I agree when Jeff Alworth states that writing books is no way to making a living. I would not be comfortably retired if I relied on book writing income. However, it took only a week until a post at Slate, appropriately titled, “Yes, People Still Buy Books,” enumerated what a viral Substack post, “No one buys books,” got wrong.

YOU MIGHT ALSO ENJOY

How a Beer Baron’s House Became a Dynamic Washington, D.C., Museum.

The danger of being a quite good brewery.

Long Live the Sorcery — Brujos Brewing.

Will the real Olympia Brewing Co. whistle please stand up?

Beer as cars.

Gayle Benson’s New Orleans brewing dream fades as Faubourg plant goes up for auction.

ALWAYS FOR PLEASURE

The post that made me smile the most while the lights were turned off here.

I’m the Draft List at This Brewery and No, You Can’t Have a Light Beer

“Sure, we made a ‘normal’ IPA once. But then we were like, why make a beer that’s enjoyable to drink when we could make a beer that’s not? So now we’re brewin’ with the craziest shit, dude, for real. I’m talkin’ ice cream sandwiches, In-N-Out cheeseburgers, grandma’s rigatoni. If it sounds like a mistake, we’re brewin’ it and we’re callin’ it something like, ‘I Bet You’ve Never Seen a Penguin Drive a Sportscar.'”

3 thoughts on “Monday beer reading: Whales, haters & a tap list from hell”

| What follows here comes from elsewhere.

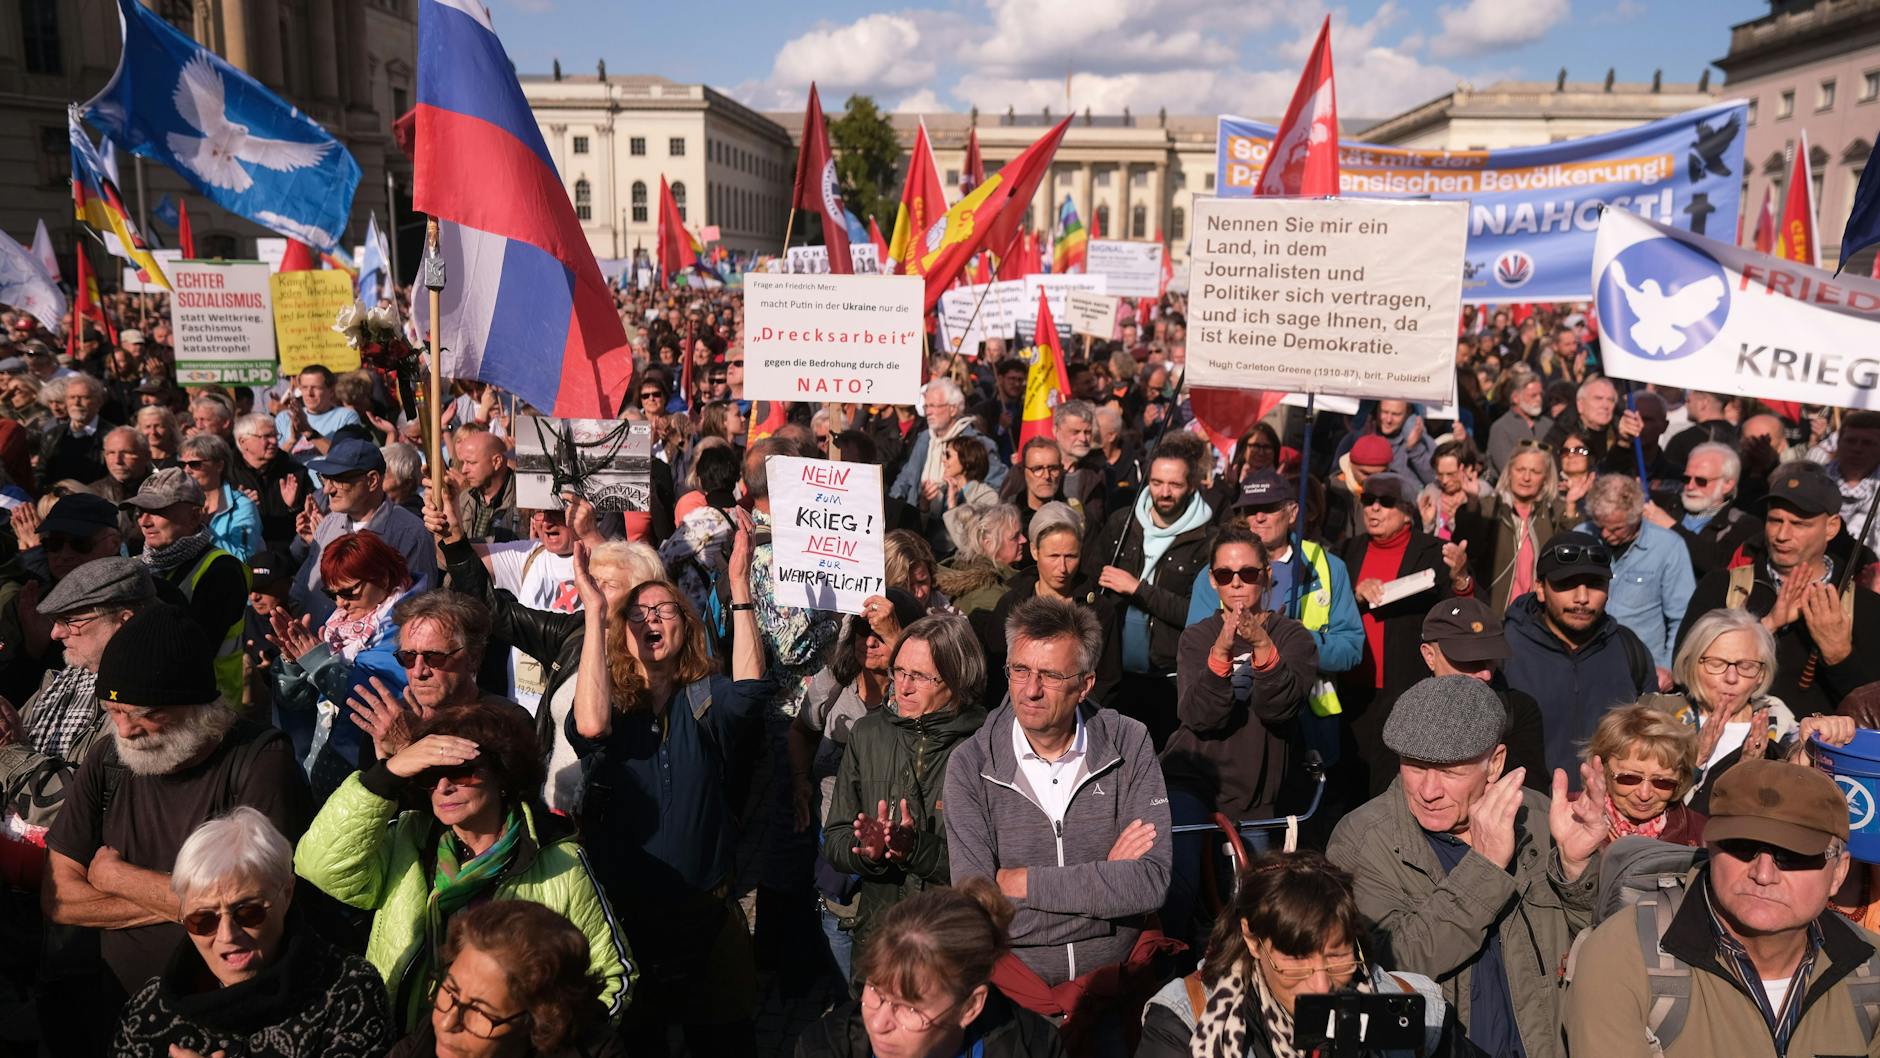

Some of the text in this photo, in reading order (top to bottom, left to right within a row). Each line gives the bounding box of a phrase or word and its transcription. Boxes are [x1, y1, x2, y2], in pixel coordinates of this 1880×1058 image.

  1. Point, counter-point, counter-counter-point: I am grateful to have the year vs all-time sales window clarified. That 12 book thing didn’t make sense, but 12 books in a year is perfectly reflective of the long-tail nature of bookselling. However, I’m afraid the Slate piece also carefully selects data to tell a preferred narrative.

    If we ignore the very squishy numbers around book sales and look at *revenues,* things are very bad. If beer had lost 2/3s of its revenue in 20 years, it would be time to panic. I leave the Slate article better educated, but no more hopeful.

    Reply
    • I already wrote that authoring non-fiction books (for a niche market) is no way to make a living. I didn’t mean to imply the Slate article would make somebody think otherwise. It does suggest ways to reach a wider audience, which unfortunately does not mean increasing revenue.

      I’m reading “Native Nations” right now, which has a $38 list price (and I checked out from the library). It is nearly 750 pages, of which 118 are notes! I can’t imagine how much time went into research and writing, and what the hourly “pay” will amount to when royalties are paid out.